▸ **TRY IT**: Return only the line that contains "this 960×1280 image." and each line after it, through the last line of the data below, copied exactly.

▸ **PROVIDED MATERIAL**:

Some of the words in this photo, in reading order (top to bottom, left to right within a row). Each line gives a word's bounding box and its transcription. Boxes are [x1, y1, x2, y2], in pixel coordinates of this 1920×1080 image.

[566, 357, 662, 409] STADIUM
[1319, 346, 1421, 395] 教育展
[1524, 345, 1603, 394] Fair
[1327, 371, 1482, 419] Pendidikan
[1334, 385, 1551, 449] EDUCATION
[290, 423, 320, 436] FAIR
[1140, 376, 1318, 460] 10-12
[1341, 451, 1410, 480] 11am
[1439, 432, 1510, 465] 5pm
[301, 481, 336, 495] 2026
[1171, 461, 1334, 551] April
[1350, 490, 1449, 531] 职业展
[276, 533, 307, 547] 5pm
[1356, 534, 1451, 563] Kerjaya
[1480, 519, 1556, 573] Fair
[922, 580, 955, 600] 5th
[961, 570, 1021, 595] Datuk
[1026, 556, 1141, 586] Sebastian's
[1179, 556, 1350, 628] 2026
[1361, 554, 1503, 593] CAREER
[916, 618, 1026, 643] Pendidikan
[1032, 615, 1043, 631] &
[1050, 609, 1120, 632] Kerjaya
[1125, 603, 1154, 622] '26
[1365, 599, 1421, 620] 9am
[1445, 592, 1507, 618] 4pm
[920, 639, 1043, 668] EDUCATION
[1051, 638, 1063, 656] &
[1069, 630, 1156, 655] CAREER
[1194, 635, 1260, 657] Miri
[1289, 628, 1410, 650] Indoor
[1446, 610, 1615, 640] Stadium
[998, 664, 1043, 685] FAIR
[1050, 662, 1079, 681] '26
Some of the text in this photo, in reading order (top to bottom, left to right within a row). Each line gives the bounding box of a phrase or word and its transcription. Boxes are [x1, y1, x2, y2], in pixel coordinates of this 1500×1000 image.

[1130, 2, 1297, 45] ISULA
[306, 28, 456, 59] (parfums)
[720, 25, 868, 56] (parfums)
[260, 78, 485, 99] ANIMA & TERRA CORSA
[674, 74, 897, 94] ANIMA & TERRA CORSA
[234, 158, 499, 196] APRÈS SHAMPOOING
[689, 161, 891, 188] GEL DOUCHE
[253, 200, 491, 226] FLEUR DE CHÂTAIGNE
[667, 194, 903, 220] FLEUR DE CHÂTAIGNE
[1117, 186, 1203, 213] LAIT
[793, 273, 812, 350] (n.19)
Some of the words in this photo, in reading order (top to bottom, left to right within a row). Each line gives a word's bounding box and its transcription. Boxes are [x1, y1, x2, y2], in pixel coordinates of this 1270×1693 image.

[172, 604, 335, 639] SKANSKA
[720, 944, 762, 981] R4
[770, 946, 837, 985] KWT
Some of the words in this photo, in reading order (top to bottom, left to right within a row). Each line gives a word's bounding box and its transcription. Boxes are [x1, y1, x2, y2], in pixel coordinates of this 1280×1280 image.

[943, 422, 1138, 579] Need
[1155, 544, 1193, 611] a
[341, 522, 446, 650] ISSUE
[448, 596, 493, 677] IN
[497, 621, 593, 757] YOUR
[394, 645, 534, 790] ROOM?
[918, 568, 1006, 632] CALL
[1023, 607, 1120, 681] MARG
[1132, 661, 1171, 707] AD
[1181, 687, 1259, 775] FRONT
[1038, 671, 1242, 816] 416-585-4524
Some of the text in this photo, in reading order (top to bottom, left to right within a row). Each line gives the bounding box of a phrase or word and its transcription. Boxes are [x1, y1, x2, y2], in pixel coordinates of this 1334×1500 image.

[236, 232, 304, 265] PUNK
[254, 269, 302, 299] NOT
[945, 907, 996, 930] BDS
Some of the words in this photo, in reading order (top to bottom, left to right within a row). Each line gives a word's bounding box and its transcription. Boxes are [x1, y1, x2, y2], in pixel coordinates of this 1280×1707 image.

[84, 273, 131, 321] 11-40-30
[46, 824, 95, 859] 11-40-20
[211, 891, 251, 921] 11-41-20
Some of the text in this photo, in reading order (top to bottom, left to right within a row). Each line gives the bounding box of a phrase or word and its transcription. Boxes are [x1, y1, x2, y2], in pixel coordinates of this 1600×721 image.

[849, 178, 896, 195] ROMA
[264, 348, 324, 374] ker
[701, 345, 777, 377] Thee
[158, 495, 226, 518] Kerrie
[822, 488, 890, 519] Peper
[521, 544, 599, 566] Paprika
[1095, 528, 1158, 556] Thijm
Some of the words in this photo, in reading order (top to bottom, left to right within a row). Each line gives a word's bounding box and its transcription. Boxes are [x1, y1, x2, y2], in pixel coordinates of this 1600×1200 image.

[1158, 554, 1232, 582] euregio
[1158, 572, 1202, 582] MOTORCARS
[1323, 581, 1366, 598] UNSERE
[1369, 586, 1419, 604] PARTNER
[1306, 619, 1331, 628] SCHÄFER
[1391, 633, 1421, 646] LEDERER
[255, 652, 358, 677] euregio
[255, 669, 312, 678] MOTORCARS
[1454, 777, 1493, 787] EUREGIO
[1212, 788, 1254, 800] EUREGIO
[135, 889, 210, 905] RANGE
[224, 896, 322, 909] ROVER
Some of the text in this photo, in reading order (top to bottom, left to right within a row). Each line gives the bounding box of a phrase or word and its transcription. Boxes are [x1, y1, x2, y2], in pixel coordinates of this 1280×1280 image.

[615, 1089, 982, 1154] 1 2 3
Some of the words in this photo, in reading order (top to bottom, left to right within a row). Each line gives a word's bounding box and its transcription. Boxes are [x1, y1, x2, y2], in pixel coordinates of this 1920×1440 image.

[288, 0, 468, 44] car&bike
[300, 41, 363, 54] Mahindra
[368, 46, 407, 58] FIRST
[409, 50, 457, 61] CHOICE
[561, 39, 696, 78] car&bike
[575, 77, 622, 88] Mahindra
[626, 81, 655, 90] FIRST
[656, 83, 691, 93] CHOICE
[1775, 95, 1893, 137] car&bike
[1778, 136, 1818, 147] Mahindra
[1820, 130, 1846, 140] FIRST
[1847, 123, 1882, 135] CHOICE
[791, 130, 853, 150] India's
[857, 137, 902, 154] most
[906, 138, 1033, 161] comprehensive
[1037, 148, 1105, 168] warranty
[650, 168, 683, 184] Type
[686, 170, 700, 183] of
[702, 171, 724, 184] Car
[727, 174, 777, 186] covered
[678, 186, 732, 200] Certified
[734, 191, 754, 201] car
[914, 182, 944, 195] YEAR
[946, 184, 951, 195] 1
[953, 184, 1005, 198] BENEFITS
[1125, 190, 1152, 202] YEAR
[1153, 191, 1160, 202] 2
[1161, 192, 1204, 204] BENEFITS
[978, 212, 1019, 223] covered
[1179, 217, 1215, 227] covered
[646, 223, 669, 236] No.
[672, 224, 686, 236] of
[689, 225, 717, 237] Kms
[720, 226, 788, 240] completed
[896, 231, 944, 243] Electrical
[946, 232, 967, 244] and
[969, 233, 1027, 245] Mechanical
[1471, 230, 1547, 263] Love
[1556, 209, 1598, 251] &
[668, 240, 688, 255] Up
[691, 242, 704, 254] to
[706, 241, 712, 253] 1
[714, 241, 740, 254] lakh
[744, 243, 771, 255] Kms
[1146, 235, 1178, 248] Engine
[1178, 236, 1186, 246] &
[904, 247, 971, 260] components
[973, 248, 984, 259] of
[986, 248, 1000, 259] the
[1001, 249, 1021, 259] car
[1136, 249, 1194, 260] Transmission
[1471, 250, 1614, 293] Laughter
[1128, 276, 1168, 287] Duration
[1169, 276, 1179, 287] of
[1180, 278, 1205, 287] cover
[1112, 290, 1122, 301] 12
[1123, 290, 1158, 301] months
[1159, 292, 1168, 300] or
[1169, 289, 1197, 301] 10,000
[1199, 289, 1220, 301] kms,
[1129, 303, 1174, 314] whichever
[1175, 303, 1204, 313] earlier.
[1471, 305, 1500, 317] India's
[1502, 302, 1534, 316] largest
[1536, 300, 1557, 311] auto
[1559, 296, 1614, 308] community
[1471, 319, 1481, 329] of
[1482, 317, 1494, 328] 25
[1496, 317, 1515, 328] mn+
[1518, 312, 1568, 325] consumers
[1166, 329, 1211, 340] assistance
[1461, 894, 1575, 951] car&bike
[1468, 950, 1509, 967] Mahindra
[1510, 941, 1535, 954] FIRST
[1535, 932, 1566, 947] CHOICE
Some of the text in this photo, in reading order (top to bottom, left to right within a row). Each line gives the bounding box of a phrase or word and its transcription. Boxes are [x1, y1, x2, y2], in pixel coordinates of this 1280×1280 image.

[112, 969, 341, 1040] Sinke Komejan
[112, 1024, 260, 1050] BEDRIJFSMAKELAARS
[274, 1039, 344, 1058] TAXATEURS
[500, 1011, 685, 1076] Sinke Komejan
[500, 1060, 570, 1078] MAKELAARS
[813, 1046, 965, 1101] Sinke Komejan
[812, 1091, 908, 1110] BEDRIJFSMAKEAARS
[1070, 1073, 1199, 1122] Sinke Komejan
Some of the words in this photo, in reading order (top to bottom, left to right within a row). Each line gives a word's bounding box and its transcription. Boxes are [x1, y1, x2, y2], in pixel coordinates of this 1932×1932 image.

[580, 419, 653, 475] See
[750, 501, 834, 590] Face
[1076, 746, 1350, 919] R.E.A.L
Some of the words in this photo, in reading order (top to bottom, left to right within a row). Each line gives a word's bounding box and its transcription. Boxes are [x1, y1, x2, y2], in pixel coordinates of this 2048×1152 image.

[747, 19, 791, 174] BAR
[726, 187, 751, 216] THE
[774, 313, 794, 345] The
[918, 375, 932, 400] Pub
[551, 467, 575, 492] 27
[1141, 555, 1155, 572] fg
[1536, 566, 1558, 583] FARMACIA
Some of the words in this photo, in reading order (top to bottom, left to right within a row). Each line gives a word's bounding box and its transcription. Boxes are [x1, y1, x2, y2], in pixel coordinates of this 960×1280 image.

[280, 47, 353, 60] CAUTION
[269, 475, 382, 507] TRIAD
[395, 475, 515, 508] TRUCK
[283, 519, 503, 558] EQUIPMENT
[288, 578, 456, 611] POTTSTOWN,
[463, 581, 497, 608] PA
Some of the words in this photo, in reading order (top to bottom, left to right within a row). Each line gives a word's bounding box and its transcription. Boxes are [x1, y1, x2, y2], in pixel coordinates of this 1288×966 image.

▸ **REPLY**:
Some of the words in this photo, in reading order (top to bottom, left to right within a row). Each line gives a word's bounding box and its transcription. Boxes are [x1, y1, x2, y2], in pixel coordinates of this 960×1280 image.

[280, 47, 353, 60] CAUTION
[269, 475, 382, 507] TRIAD
[395, 475, 515, 508] TRUCK
[283, 519, 503, 558] EQUIPMENT
[288, 578, 456, 611] POTTSTOWN,
[463, 581, 497, 608] PA
Some of the words in this photo, in reading order (top to bottom, left to right within a row). Each line gives a word's bounding box and its transcription. Boxes are [x1, y1, x2, y2], in pixel coordinates of this 1288×966 image.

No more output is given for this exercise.